THE COMING OF THE PIONEERS


THE FIRST NORTH COUNTRY TOWNS-WASHINGTON IRVING'S TOUR OF NORTHERN NEW YORK-HOW THE PIONEERS LIVED-THE CIRCUIT RIDERS AND THEIR PARISH-THE FIRST CHURCHES IN THE NORTH.


By 1800 the tide of immigration towards Northern New York had definitely set in. The lure of cheap lands in a new country brought settlers by the hundreds from the New England states and the still new settlements in the vicinity of Utica. Marvelous tales were told there of the fertility of the lands in the Black River Coun- try, of corn planted in the ground without plowing growing to over eleven feet in height and of wheat yielding from twenty-five to thirty- five bushels to the acre. A traveling missionary commenting on the universal contention of the pioneers in their new homes along the Black river said that he had not "seen an unhappy person for 90 miles on that river."

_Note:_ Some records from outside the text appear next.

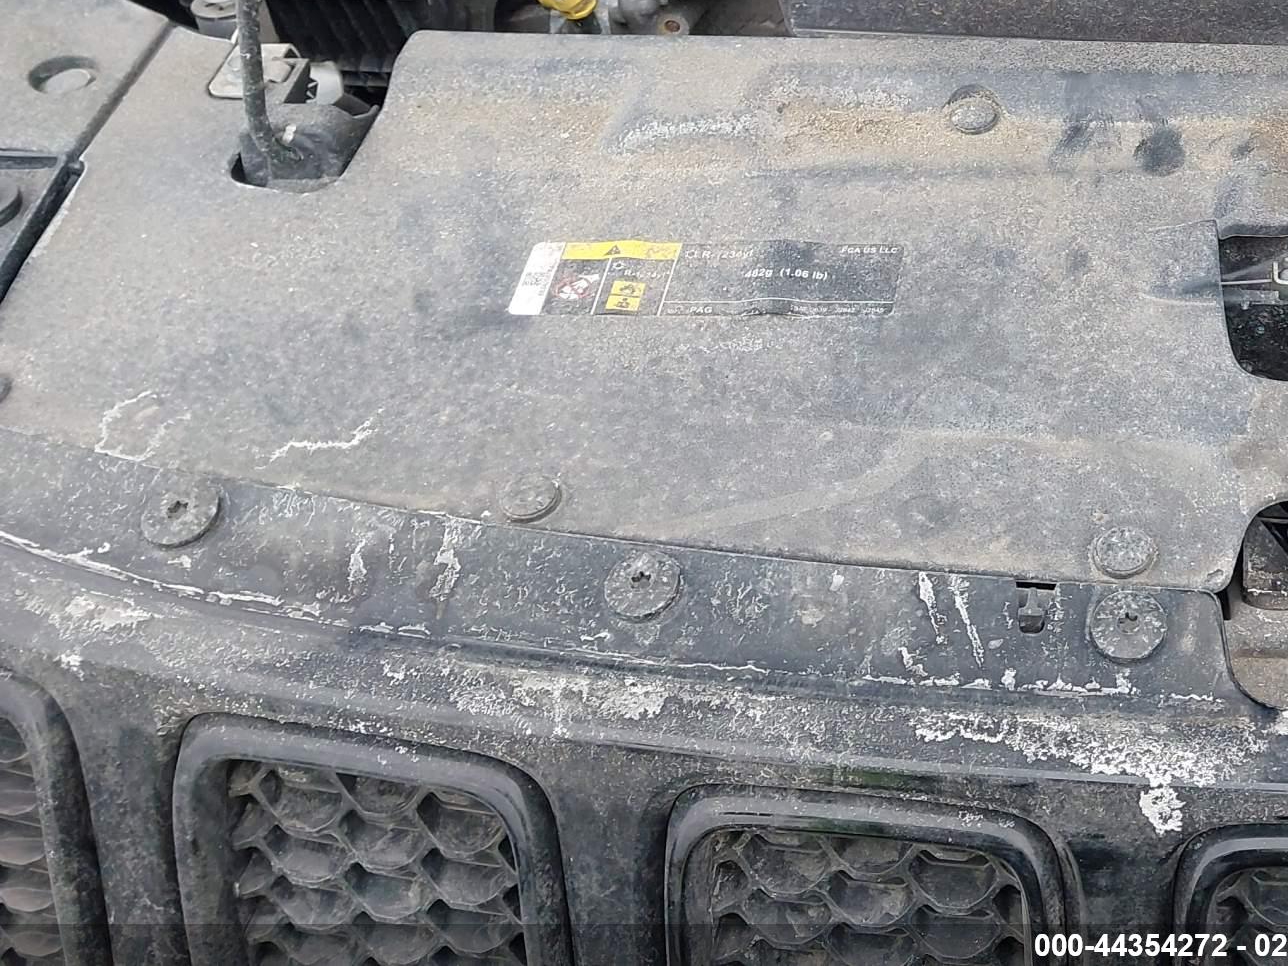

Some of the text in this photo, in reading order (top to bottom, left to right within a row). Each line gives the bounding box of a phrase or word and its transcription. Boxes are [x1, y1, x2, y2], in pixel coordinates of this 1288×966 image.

[863, 246, 877, 254] US
[879, 244, 898, 254] LLC
[779, 267, 810, 280] (1.06
[812, 270, 829, 281] lb)
[689, 305, 713, 314] PAG
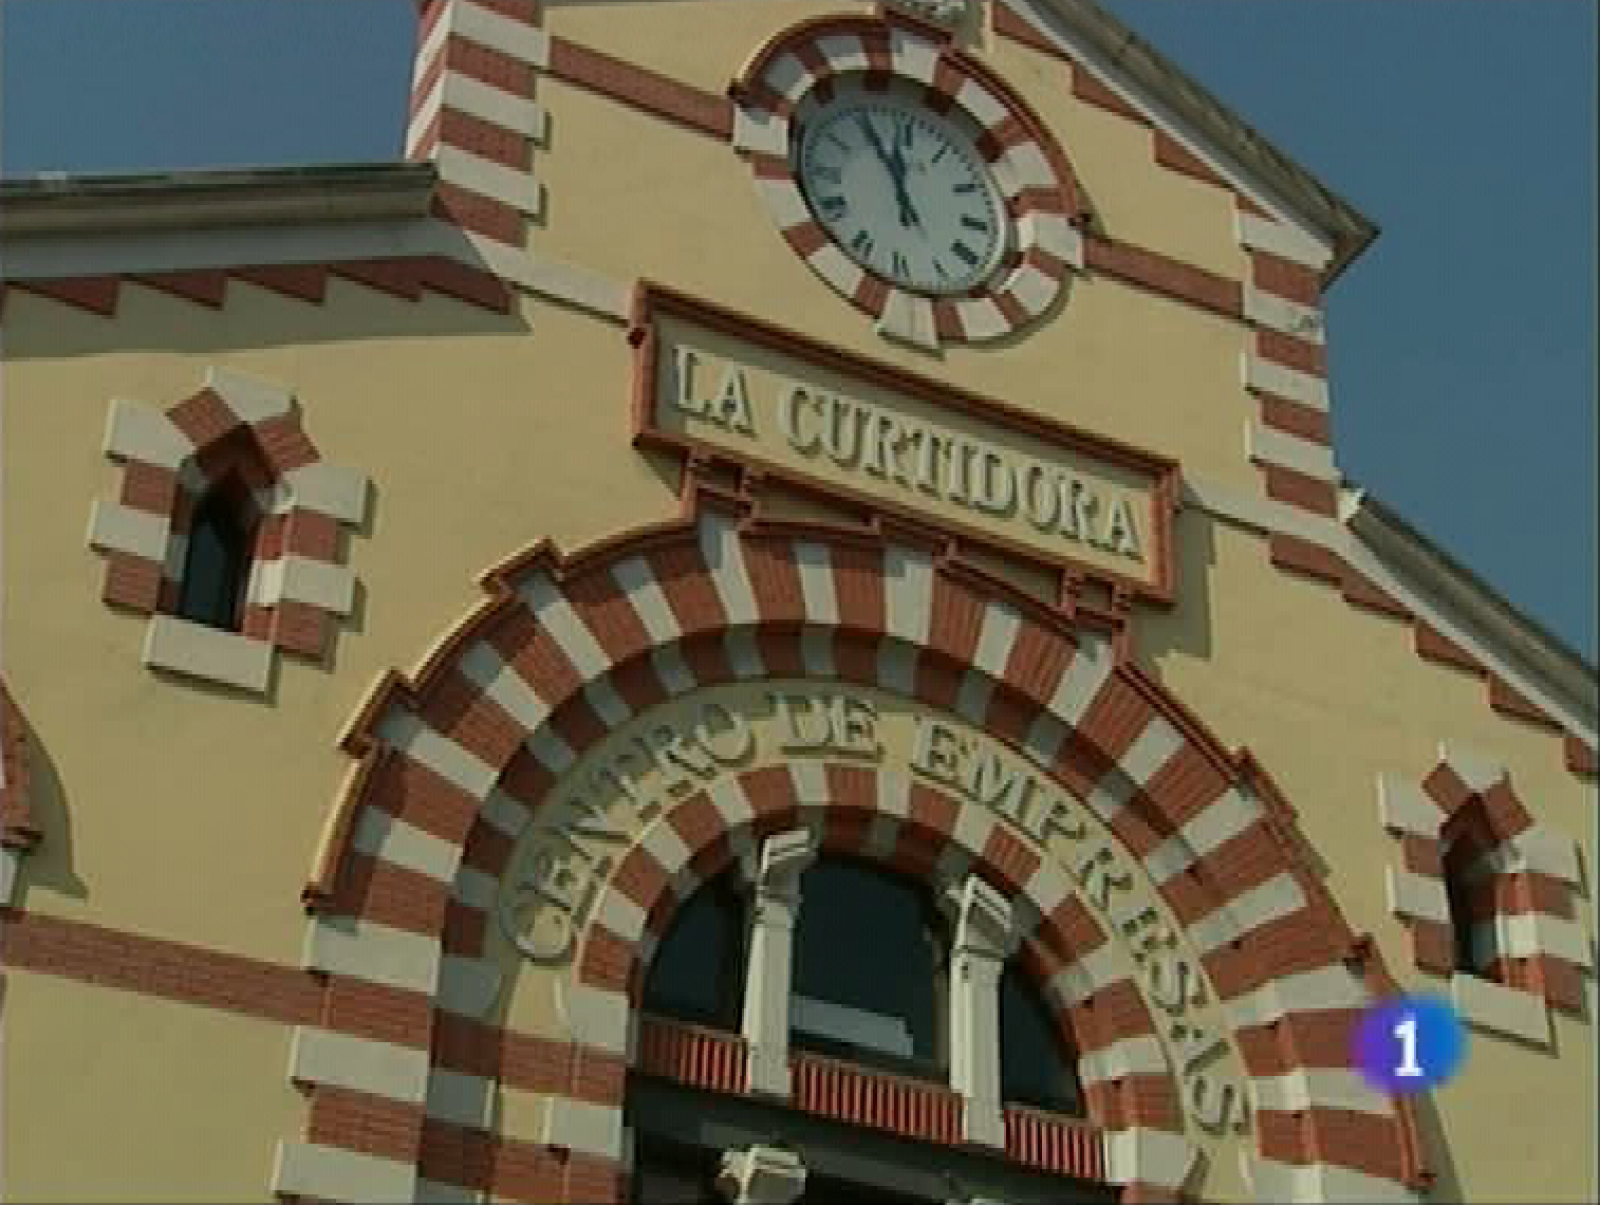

These tales and others brought sturdy, young men and their families from Vermont and Plattsburgh over the woodland trail into Chateaugay and finally to the infant settlements springing up along the St. Lawrence, the Grass and the St. Regis rivers. They brought others, their household goods laden on crude wood sleds, drawn by oxen, up through the trackless woods of the Black River Country, past the lonely grave of Baron von Steuben, through Boone's two settlements and Turin Four Corners, and, then, guided by blazed trees, into the little, log settlements of Lowville, Champion, Water- town and Brownville. Still others came in Durham boats, following the water route from the Mohawk into Wood creek, Oneida Lake and the Oswego river, to settle on the broad domains of George Scriba.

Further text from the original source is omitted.